The Thailand cabinet has given the green light regarding a huge stimulus package that is expected to inject up to 400 billion baht (US$12.7 billion) into the economy in order to reduce the impact that the COVID-19 outbreak has wrought and to provide relief for the many vulnerable SMEs of the country. Said package was proposed at a meeting of economic ministers.

As a result of the ongoing COVID-19 epidemic, economists have downgraded Thailand’s economic growth projections. Kasikorn Research Centre offered the most pessimistic outlook among other research houses. It slashes its forecast for the nation’s GDP growth in 2020 to 0.5 percent on the expectation that the coronavirus could potentially wipe up to 410 billion baht off tourism receipts.

Prime Minister Prayut Chan-o-cha said on Tuesday that the 400 billion baht package was a first-phase measure that could be followed by second-phase action if the impact persists.

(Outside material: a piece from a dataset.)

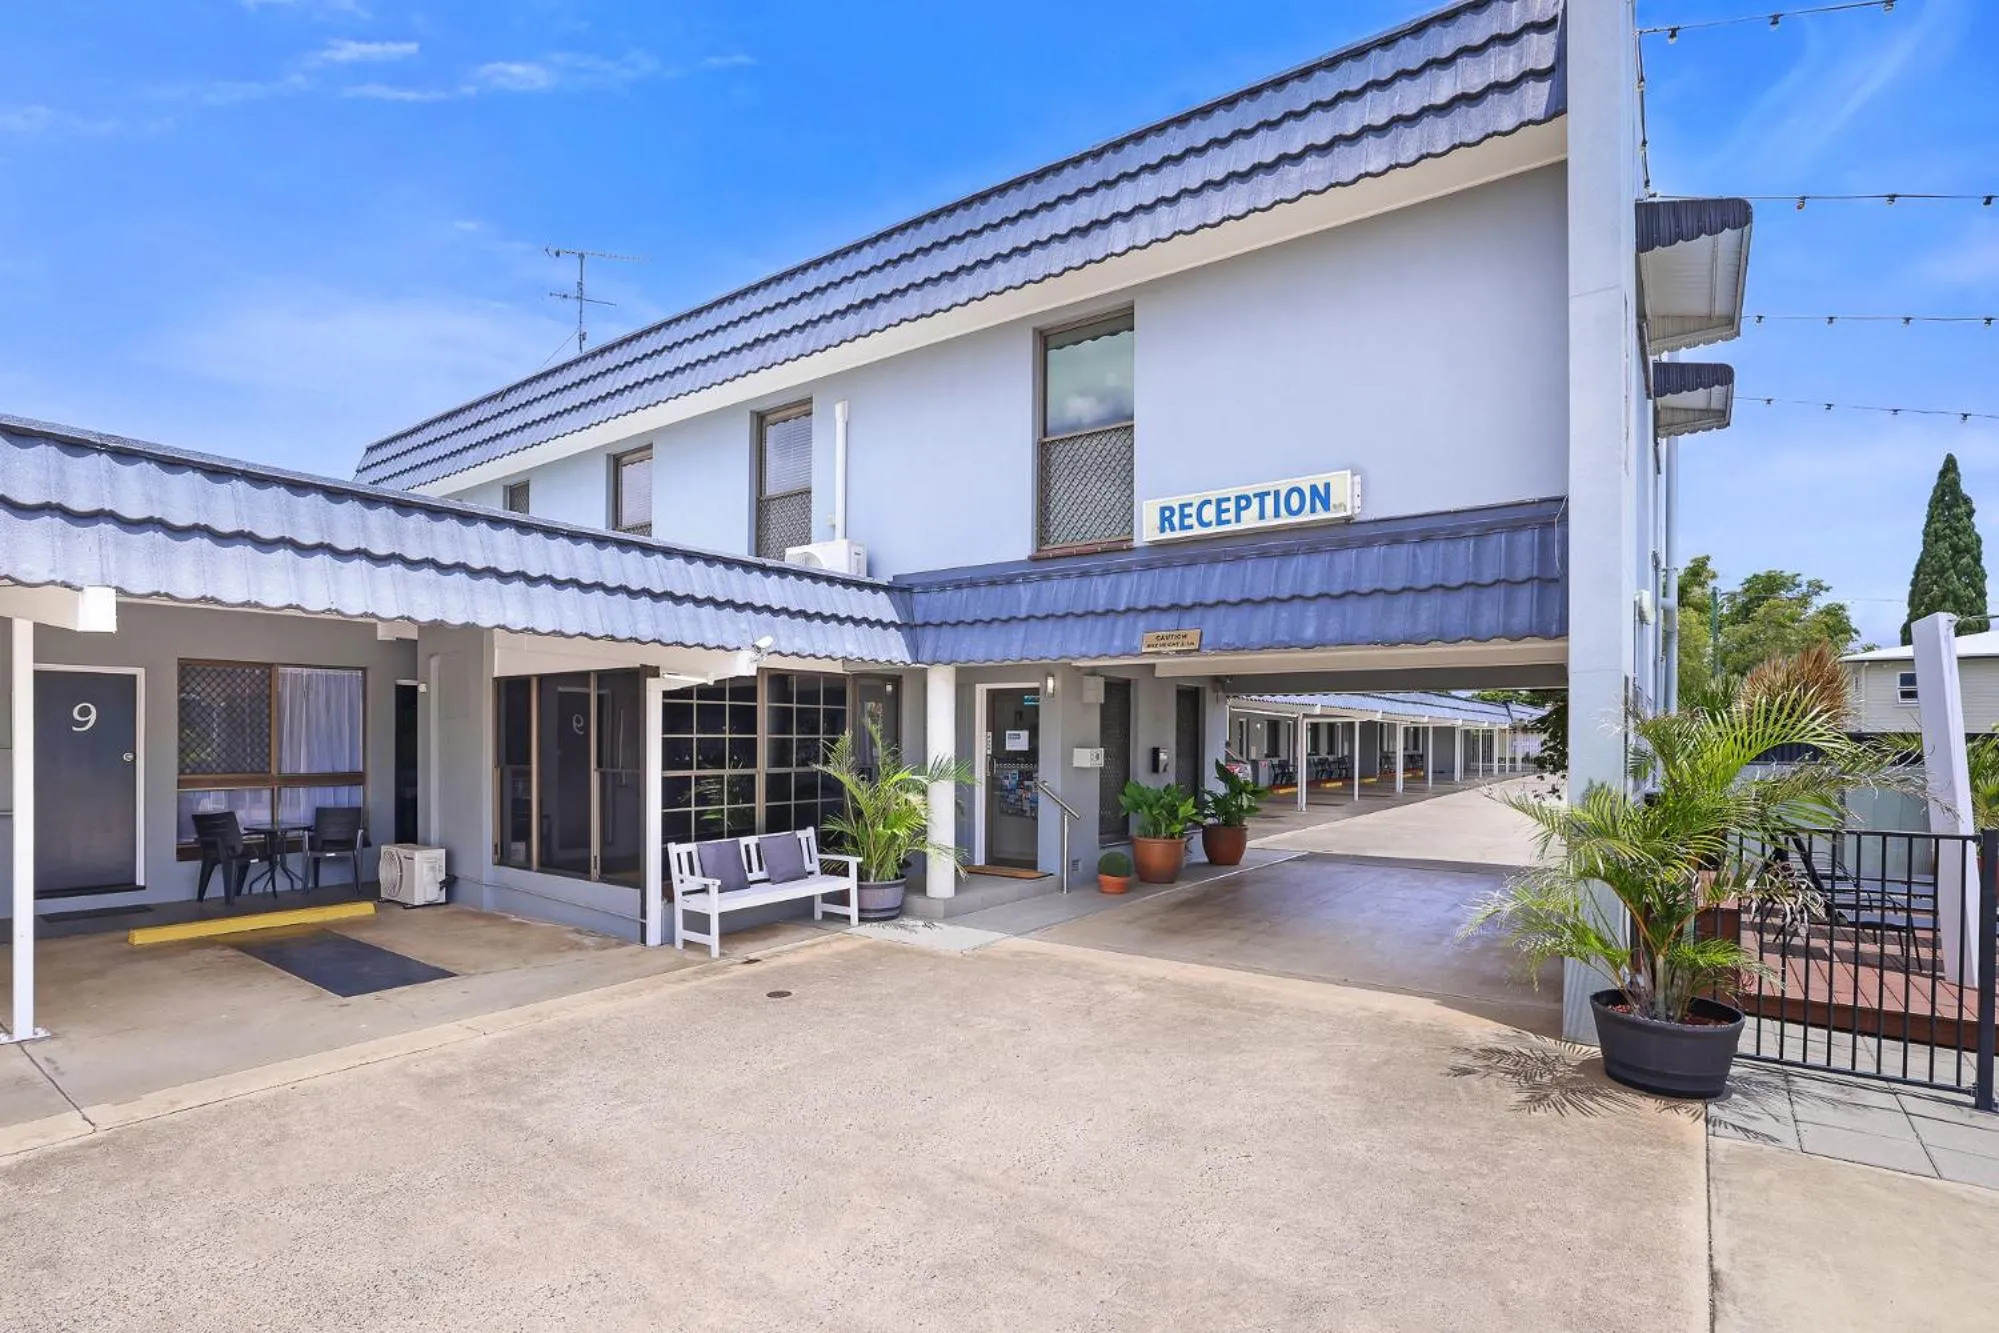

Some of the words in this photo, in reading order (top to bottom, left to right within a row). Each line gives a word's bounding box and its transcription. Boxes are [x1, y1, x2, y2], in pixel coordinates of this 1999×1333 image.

Additionally, Finance Minister Uttama Savanayana expressed confidence that the stimulus package will ease conditions for the public and businesses reeling from the impact of the virus.

The stimulus package is currently being viewed as a short term measure that will last for a few months; after which the COVID-19 situation will be assessed once more. Should the situation continue to be detrimental to the economy, more measures will likely be considered.

According to the Finance Ministry, the package will cover all sectors and will benefit 14.6 million low-income earners, who account for about 22 percent of the population, a total of 50,000 village funds nationwide, 7.2 million farming households, and 3 million SMEs, which account for almost 99 percent of all business enterprises in the country. The package is also expected to create up to 14 million jobs nationwide.

It includes soft loans worth 150 billion baht, which the Government Savings Bank (GSB) will lend to commercial banks at just 0.01 percent, so commercial banks can grant loans at 2 percent. Each bank borrower can take out a loan of no more than 20 million baht.

The Bank of Thailand will also allow SMEs and general customers who are bank debtors to undergo debt restructuring without any issues affecting their credit history. Other measures include easing debt-classification criteria to help virus-impacted debtors, and giving banks more flexibility to approve loans in order to give debtors sufficient liquidity.

In the meantime, the Social Security Office (SSO) has also implemented measures that will help promote employment. These include introducing 30 billion baht in soft loans starting at 3 percent interest for SSO-registered entrepreneurs.